The Act was to have been repealed upon commencement of the Marriage Equality (Same Sex) Act 2013, which, had it not been struck down by the High Court, would have legalised same-sex marriage in the territory. Due to the High Court holding the ACT's same-sex marriage law to be invalid, the Civil Unions Act 2012 remained in force until 2017. From 9 December 2017, forming a new civil union is no longer possible as section 7 of the Act requires that potential couples be unable to marry under the Marriage Act 1961. When same-sex marriage was legalised, it became legally impossible to form a civil union, though existing ones remain valid. The government stated that civil unions performed prior to that date and not converted into marriages would remain valid.

==Same-sex marriage==
===Marriage Equality (Same Sex) Act 2013===

====Passage and promulgation====
On 13 September 2013, the government made the announcement that it would put forward a bill to legalise same-sex marriage, following a decade-long attempt to legislate in the area. "We've been pretty clear on this issue for some time now and there's overwhelming community support for this," said Chief Minister Katy Gallagher. "We would prefer to see the federal parliament legislate for a nationally consistent scheme, but in the absence of this we will act for the people of the ACT." The bill would have enabled couples unable to marry under the Marriage Act 1961 to enter into a marriage in the ACT, and would have provided for solemnisation, eligibility, dissolution and annulment, regulatory requirements and notice of intention in relation to same-sex marriages. The bill was debated in the Legislative Assembly on 22 October 2013, and passed by 9 votes to 8.

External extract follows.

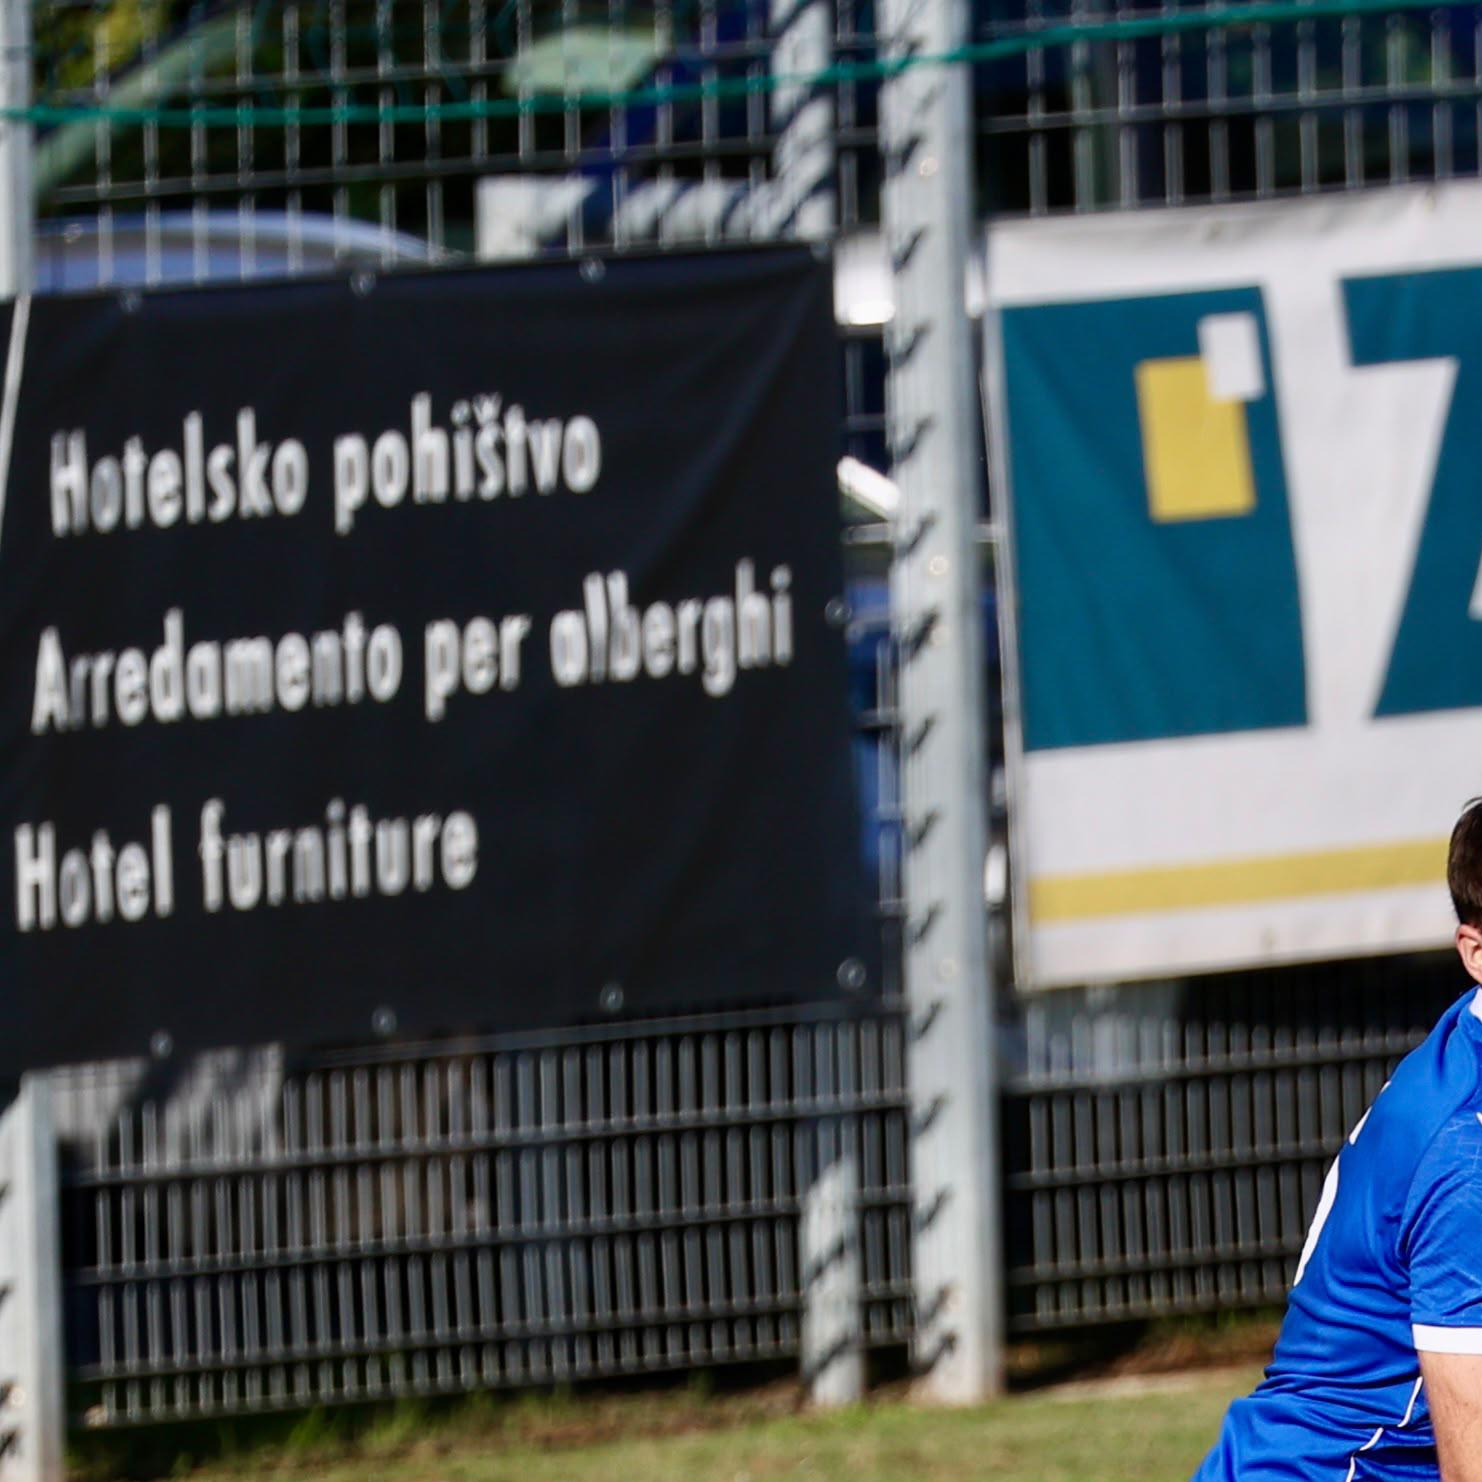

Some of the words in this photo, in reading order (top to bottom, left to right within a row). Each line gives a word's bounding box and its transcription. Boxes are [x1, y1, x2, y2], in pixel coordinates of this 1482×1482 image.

22 October 2013 vote in the Legislative Assembly
| Party | Voted for | Voted against | Abstained |
| ACT Labor Party | 8 Andrew Barr; Yvette Berry; Chris Bourke; Joy Burch; Simon Corbell; Katy Gallagher; Mick Gentleman; Mary Porter; | – | – |
| Canberra Liberals | – | 8 Alistair Coe; Steve Doszpot; Vicki Dunne; Jeremy Hanson; Giulia Jones; Nicole Lawder; Brendan Smyth; Andrew Wall; | – |
| ACT Greens | 1 Shane Rattenbury; | – | – |
| Total | 9 | 8 | 0 |
| 52.9% | 47.1% | 0.0% |

Under the Marriage Equality (Same Sex) Act 2013, same-sex marriages were allowed to be performed in the ACT from 7 December 2013. Couples were required to give a minimum one month's notice of intention to marry and 47 couples were eligible to marry in the period between 7 and 12 December, when the High Court struck down the law. The first couple to marry was Stephen Dawson, a member of the Western Australian Legislative Council, and his partner Dennis Liddelow in Canberra on 7 December 2013. In total, 31 same-sex couples elected to marry in the five-day period between the law's implementation and its subsequent annulment by the High Court.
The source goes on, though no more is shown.